Medal of Honor recipient and Adair County native, Dakota Meyer says he’s considering a run at Congress. On Wednesday, he addressed his possible future in politics.
It all started with a tweet from @Dakota_Meyer: “Congress 2016, POTUS 2024!” Meyer posted the news on his Twitter account at 12:01am on October 1st.
“Whenever I tweeted it out I had no idea anyone would even pay attention to it,” says Meyer. But they did, tweet after tweet, his followers showed their support for him. “The reason I tweeted it out is because I want to continue to serve, if thats how people think I should serve, then that’s what I want to do,” Meyer says.
His entire life has been about serving, first in the Marine Corps.

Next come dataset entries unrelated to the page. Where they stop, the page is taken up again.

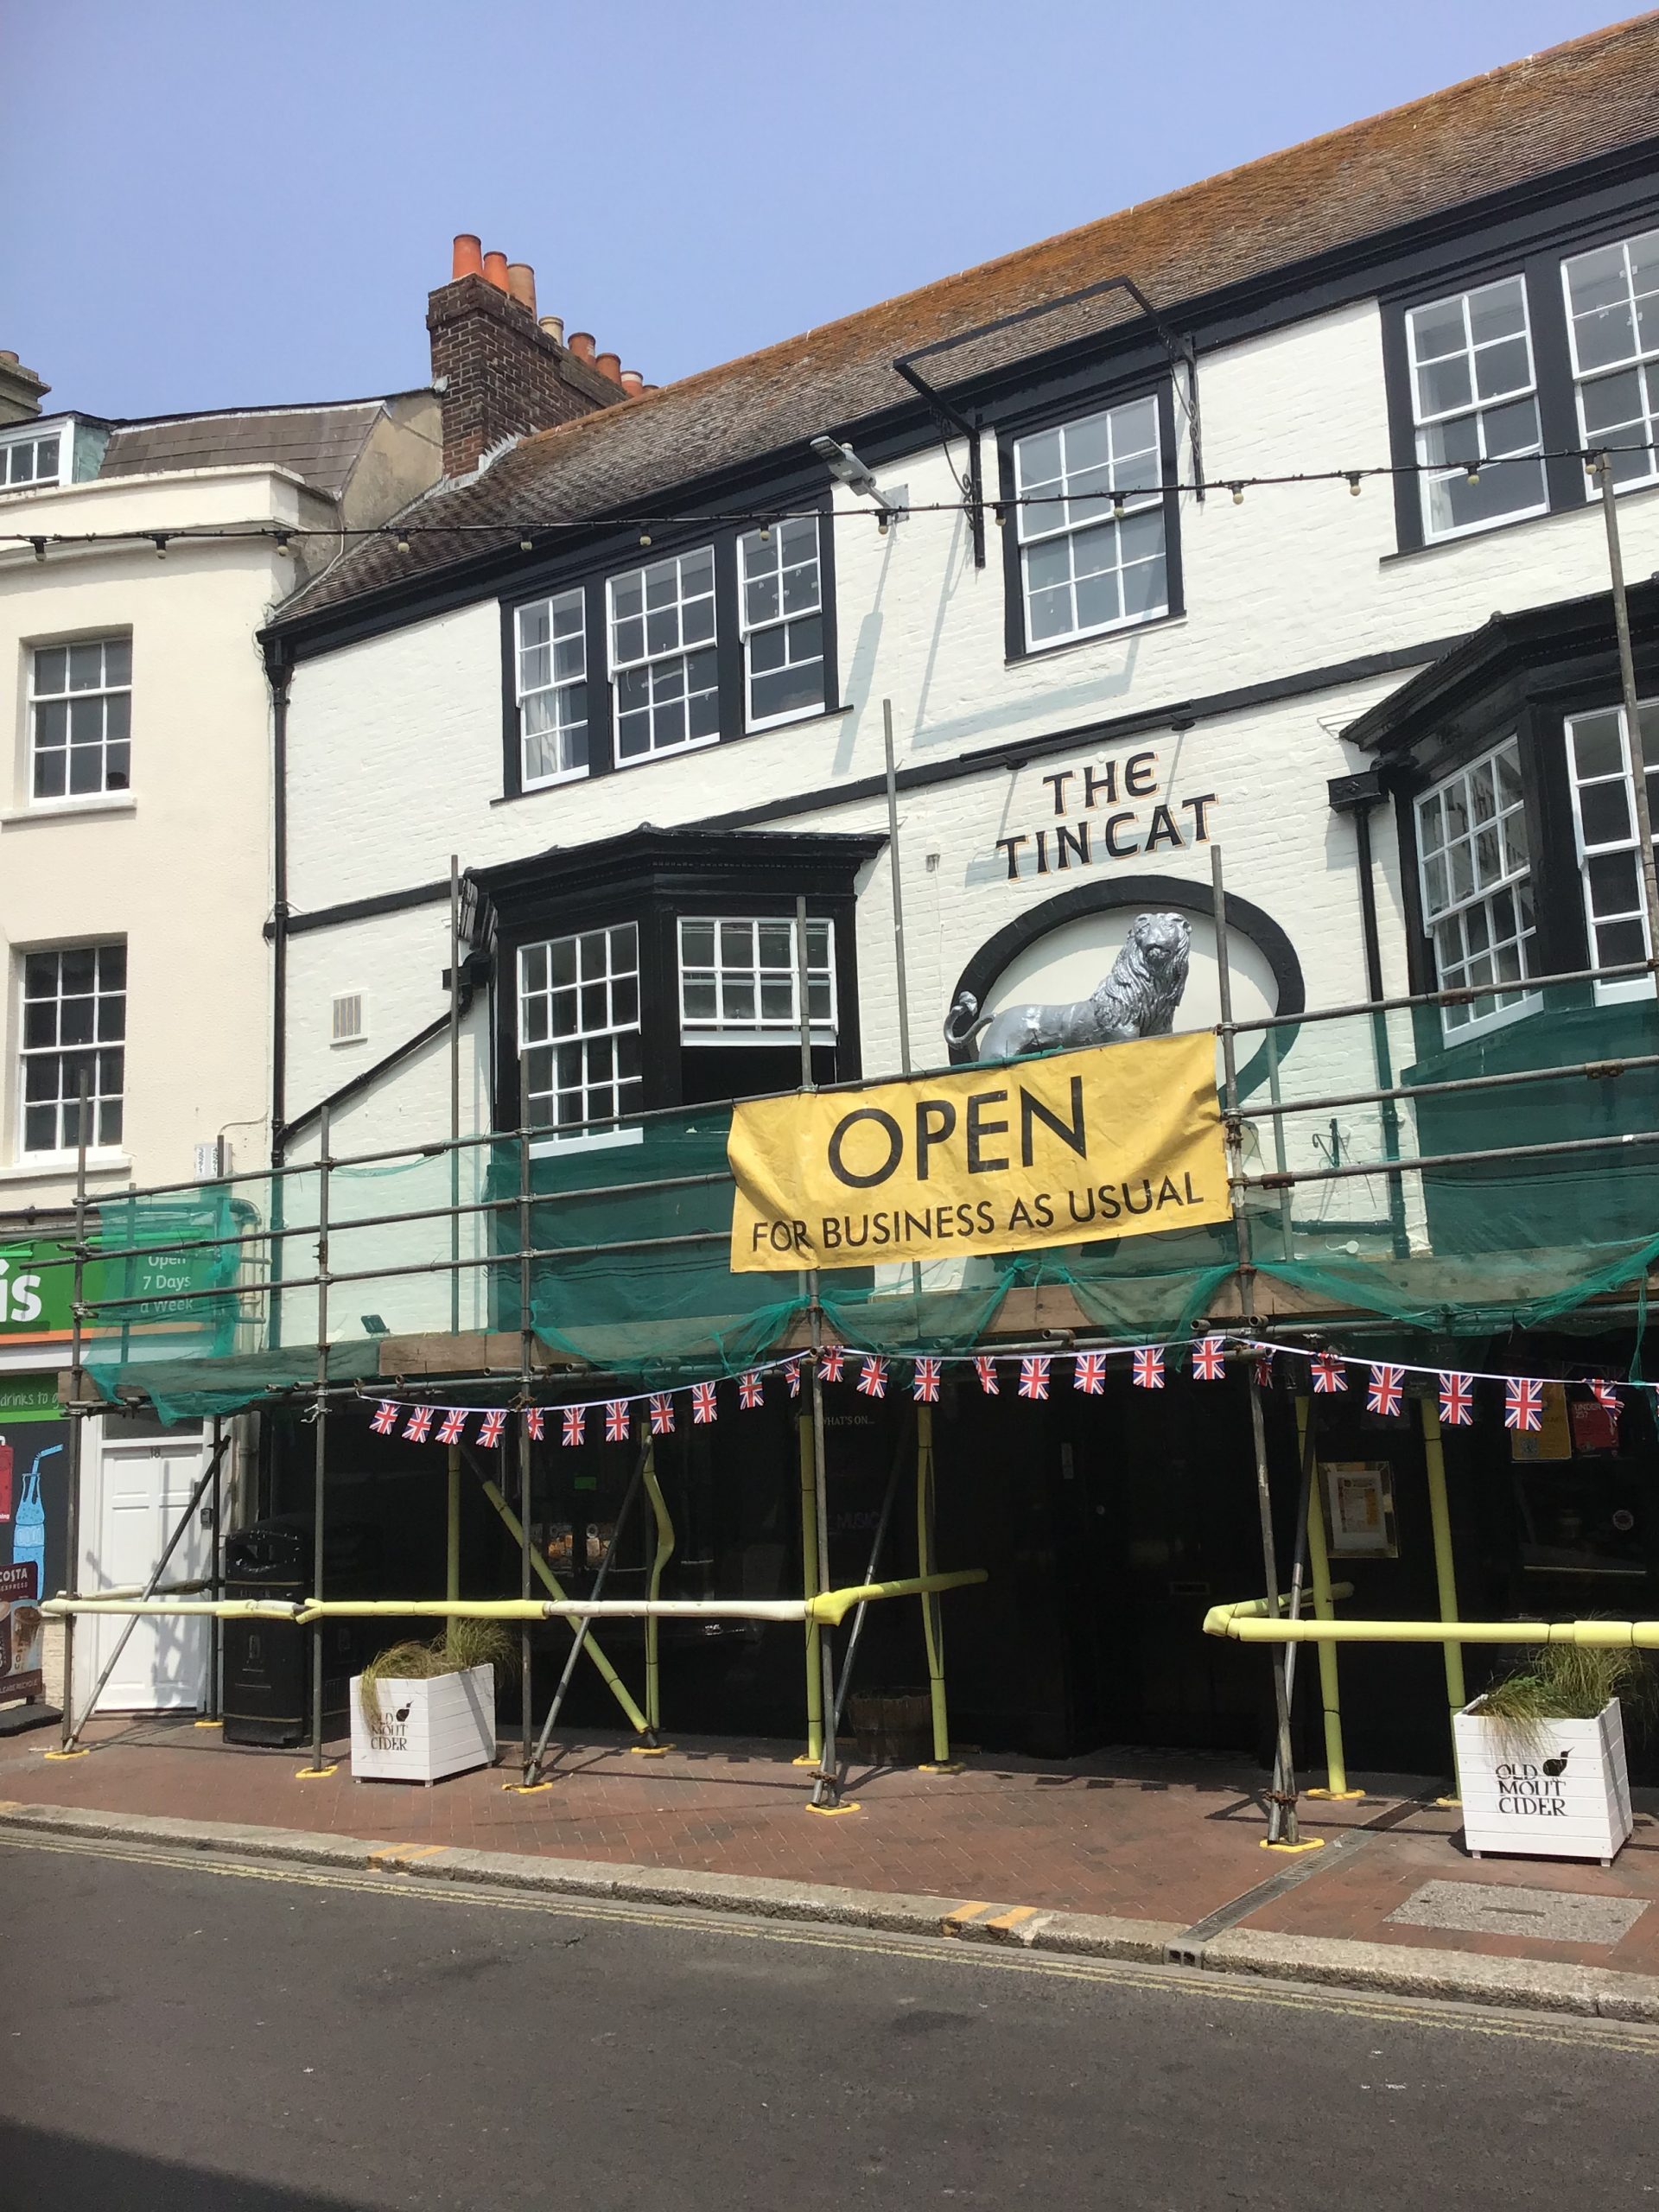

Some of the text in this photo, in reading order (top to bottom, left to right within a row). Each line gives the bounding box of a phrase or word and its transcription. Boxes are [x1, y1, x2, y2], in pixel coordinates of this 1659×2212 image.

[1042, 752, 1160, 816] THE
[827, 1075, 1087, 1188] OPEN
[753, 1172, 1204, 1252] FOR BUSINESS AS USUAL
[143, 1274, 192, 1292] 7 Days
[140, 1302, 149, 1313] a
[0, 1393, 35, 1407] drinks
[37, 1391, 48, 1405] to
[149, 1446, 162, 1459] 18
[371, 1737, 409, 1751] CIDER
[1496, 1764, 1538, 1780] OLD
[1497, 1780, 1567, 1796] MOUT
[1498, 1797, 1568, 1816] CIDER

Meyer was in Afghanistan for what he calls, the worst day of his life, when he saved the lives of 3-dozen U.S. and Afghan troops after they were ambushed by the Taliban. Experience, he says, will help him in public office. “Nothing will ever happen to me to hurt me more than that or take more from me than that day,” says Meyer, talking about September 8th 2009. “So as far as having to worry about a bad day, for the rest of my life I know I’ve had a bad day and it wont get worse than that. So what do I have to worry about?”
After being awarded the Medal of Honor in 2011, Meyer has worked with veterans to help them land jobs.

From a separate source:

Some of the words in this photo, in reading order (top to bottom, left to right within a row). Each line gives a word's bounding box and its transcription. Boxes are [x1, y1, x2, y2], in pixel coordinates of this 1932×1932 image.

“I’ve always wanted to make a difference, that’s what I’ve said ever since I received the medal. I will accept this medal on behalf of the men and women who served and who died and go out everyday to make a difference.”
Now, another type of service could be on the horizon, a revelation that came after the government shut down.
“It’s really so frustrating to me because we can’t make a decision together,” says Meyer. “It’s really so frustrating to me because we can’t make a decision together. We’ve gotten so spread apart.”
Now, he’s focusing on converting his frustrating into passion. “The Marine Corps taught me the ‘whatever it takes’ attitude and to go out and change the word ‘situation’ into ‘opportunity’ and to go out and make a difference,” says Meyer.
As for what party he would align himself with, Meyer says this: “No one asked me when I went to serve as a Marine, if I was going to be a Republican or Democrat, it didn’t matter then. I am going to do what’s right in the best interest for Kentuckians and Americans.”
Meyer says, attributes he has gained from his service will help him in the future. “My love for my country, doing the right thing, having morals to stand firm on what we believe in and what to stand for, doing what’s right. That’s what its about.”
“The Marine Corps taught me that everyday we are presented with situations we have no control over. It’s not about which situation you are presented with, it’s how you deal with it afterwards.”
But is it official? Will we see his name on the ballot in 2016? “I’m not making any commitments right now. If I feel like I’ve got enough support, maybe that’s a road I will take.”